(Stored items from a collection)
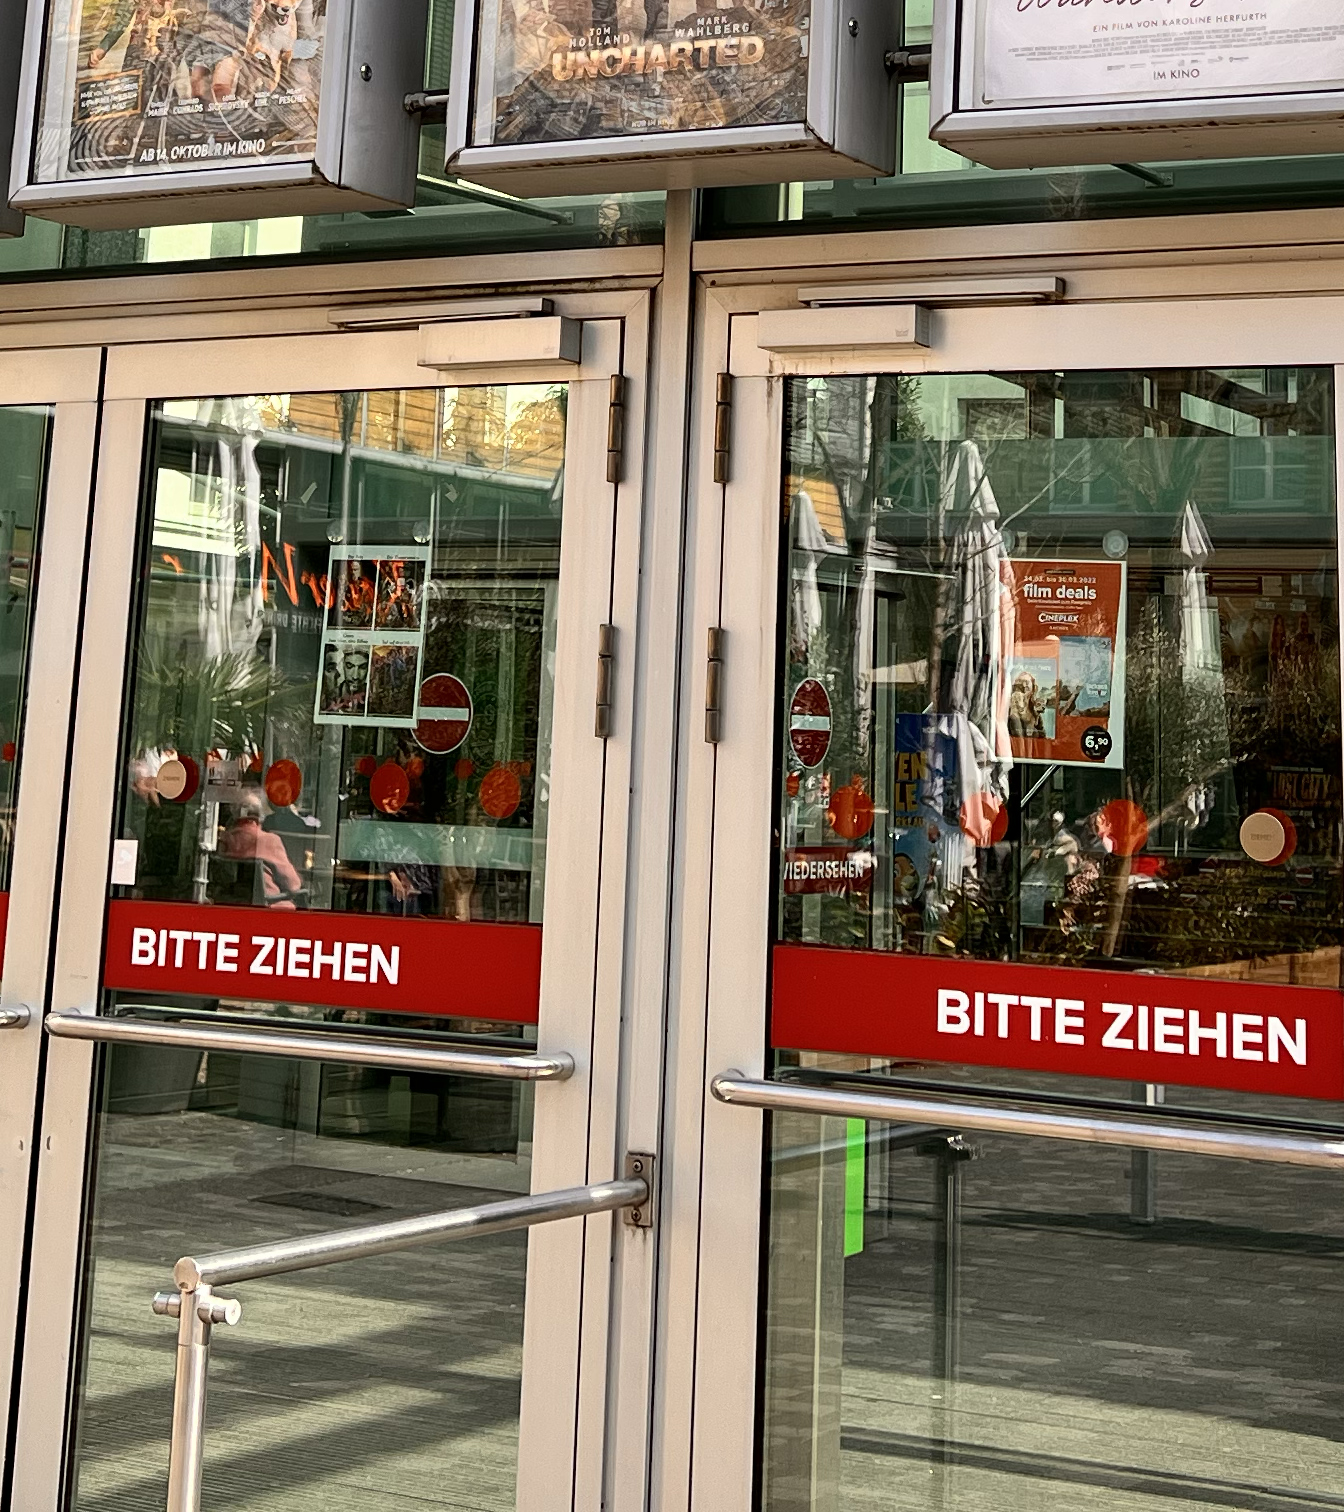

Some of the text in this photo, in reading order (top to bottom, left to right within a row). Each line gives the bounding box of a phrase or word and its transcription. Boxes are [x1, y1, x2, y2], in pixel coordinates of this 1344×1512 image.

[697, 15, 728, 26] MARK
[1112, 21, 1134, 32] FILM
[1137, 19, 1159, 30] VON
[1161, 15, 1212, 28] KAROLINE
[1215, 12, 1268, 24] HERFURTH
[589, 26, 611, 37] TOM
[675, 22, 750, 39] WAHLBERG
[569, 33, 630, 48] HOLLAND
[552, 36, 765, 81] UNCHARTED
[1152, 68, 1200, 81] IM KINO
[140, 148, 155, 162] AB
[238, 138, 266, 155] KINO
[1022, 582, 1097, 600] film deals
[131, 925, 400, 986] BITTE ZIEHEN
[936, 988, 1308, 1066] BITTE ZIEHEN
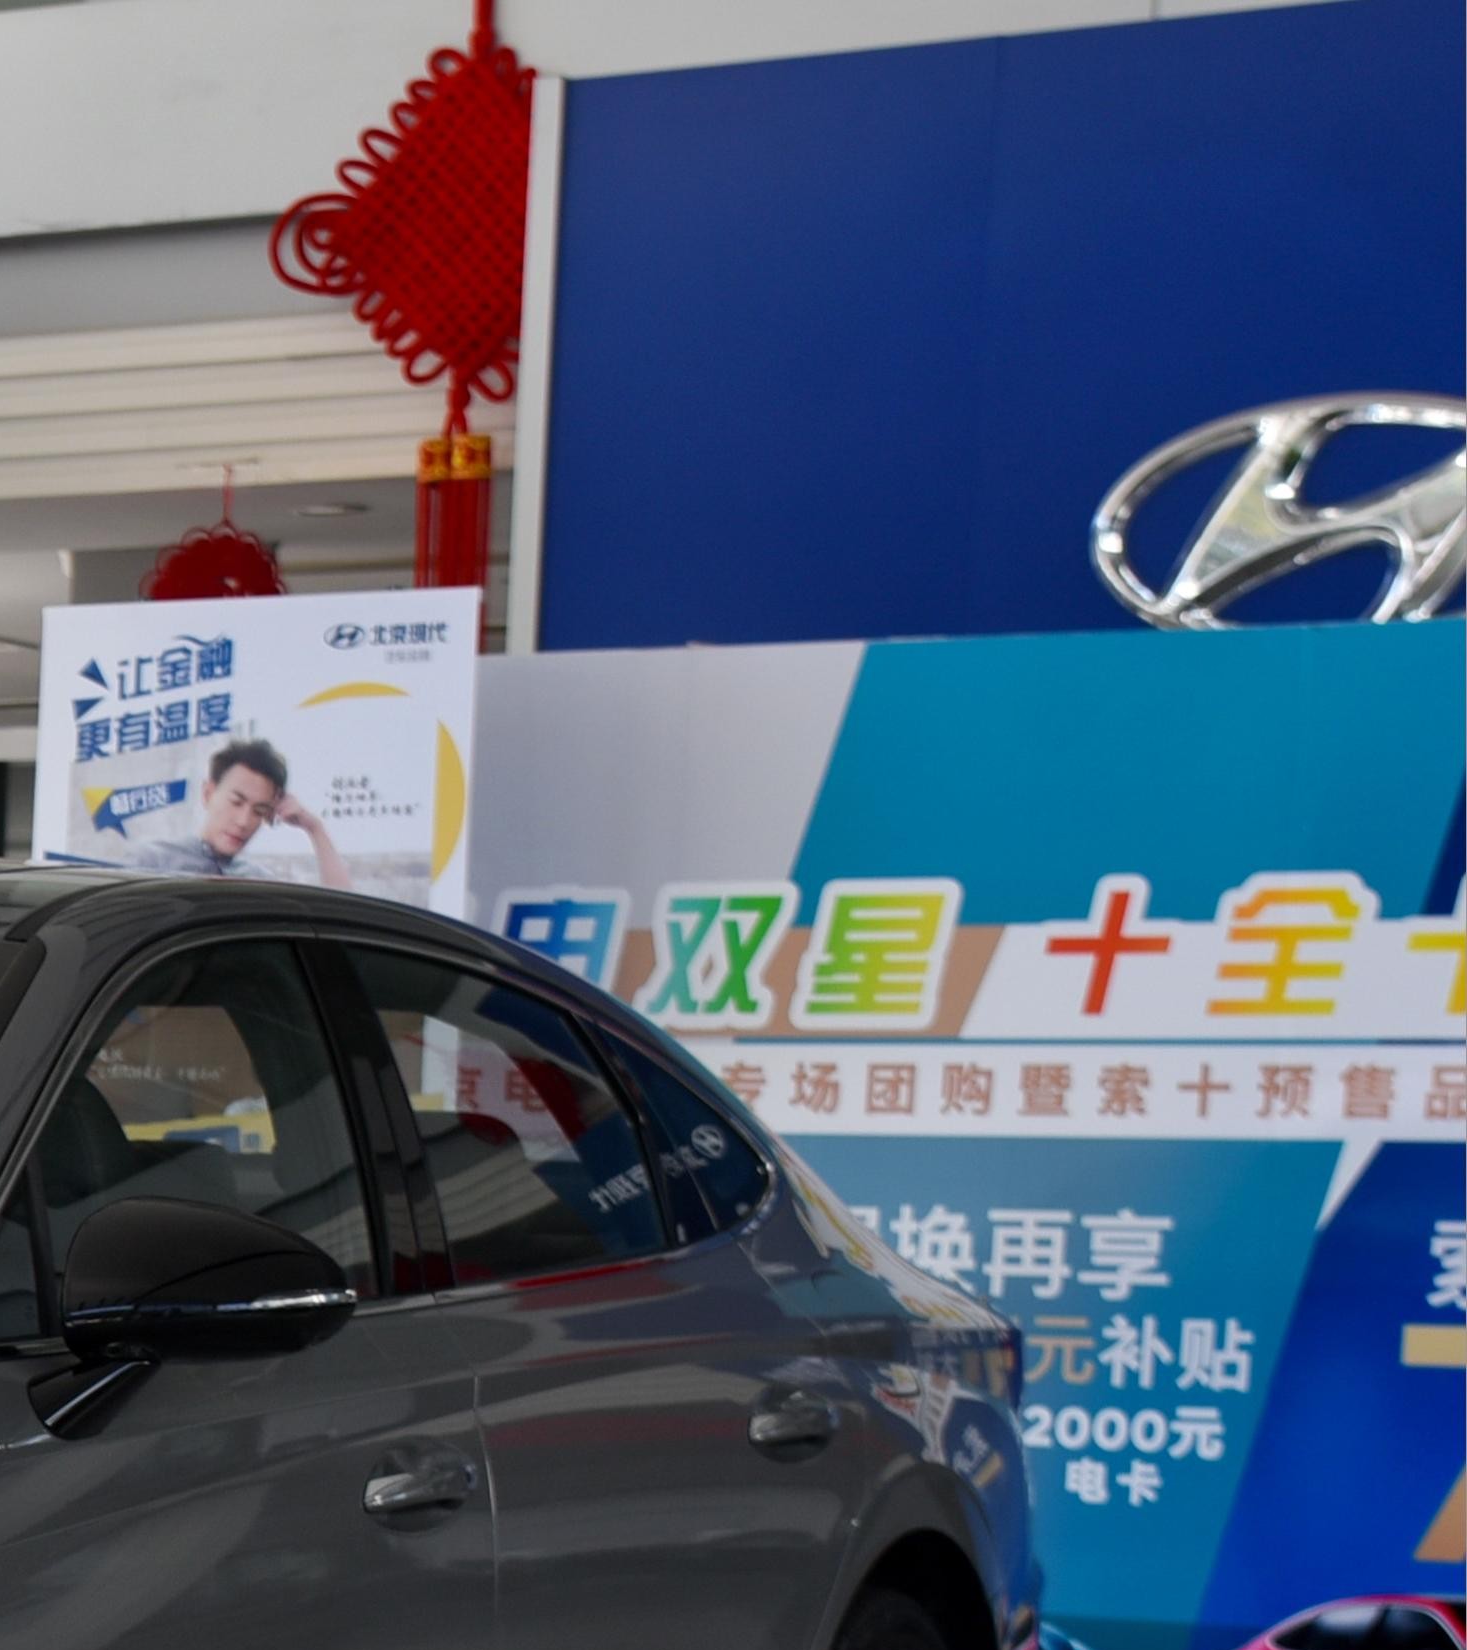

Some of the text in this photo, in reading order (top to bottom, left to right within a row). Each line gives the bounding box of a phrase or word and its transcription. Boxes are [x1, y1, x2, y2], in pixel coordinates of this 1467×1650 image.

[370, 622, 449, 646] 北京现代
[117, 636, 233, 701] 让金融
[76, 692, 232, 762] 更有温度
[847, 1205, 1174, 1302] 换再享
[1011, 1315, 1255, 1393] 元补贴
[1022, 1405, 1226, 1461] 2000元
[1064, 1457, 1164, 1507] 电卡

EXERCISE OBJECTIVE:
What is needed is an exact reprint of every entry, pictures excluded.

WRITTEN RESPONSE:
Some of the text in this photo, in reading order (top to bottom, left to right within a row). Each line gives the bounding box of a phrase or word and its transcription. Boxes are [x1, y1, x2, y2], in pixel coordinates of this 1344×1512 image.

[697, 15, 728, 26] MARK
[1112, 21, 1134, 32] FILM
[1137, 19, 1159, 30] VON
[1161, 15, 1212, 28] KAROLINE
[1215, 12, 1268, 24] HERFURTH
[589, 26, 611, 37] TOM
[675, 22, 750, 39] WAHLBERG
[569, 33, 630, 48] HOLLAND
[552, 36, 765, 81] UNCHARTED
[1152, 68, 1200, 81] IM KINO
[140, 148, 155, 162] AB
[238, 138, 266, 155] KINO
[1022, 582, 1097, 600] film deals
[131, 925, 400, 986] BITTE ZIEHEN
[936, 988, 1308, 1066] BITTE ZIEHEN

Some of the text in this photo, in reading order (top to bottom, left to right within a row). Each line gives the bounding box of a phrase or word and its transcription. Boxes are [x1, y1, x2, y2], in pixel coordinates of this 1467×1650 image.

[370, 622, 449, 646] 北京现代
[117, 636, 233, 701] 让金融
[76, 692, 232, 762] 更有温度
[847, 1205, 1174, 1302] 换再享
[1011, 1315, 1255, 1393] 元补贴
[1022, 1405, 1226, 1461] 2000元
[1064, 1457, 1164, 1507] 电卡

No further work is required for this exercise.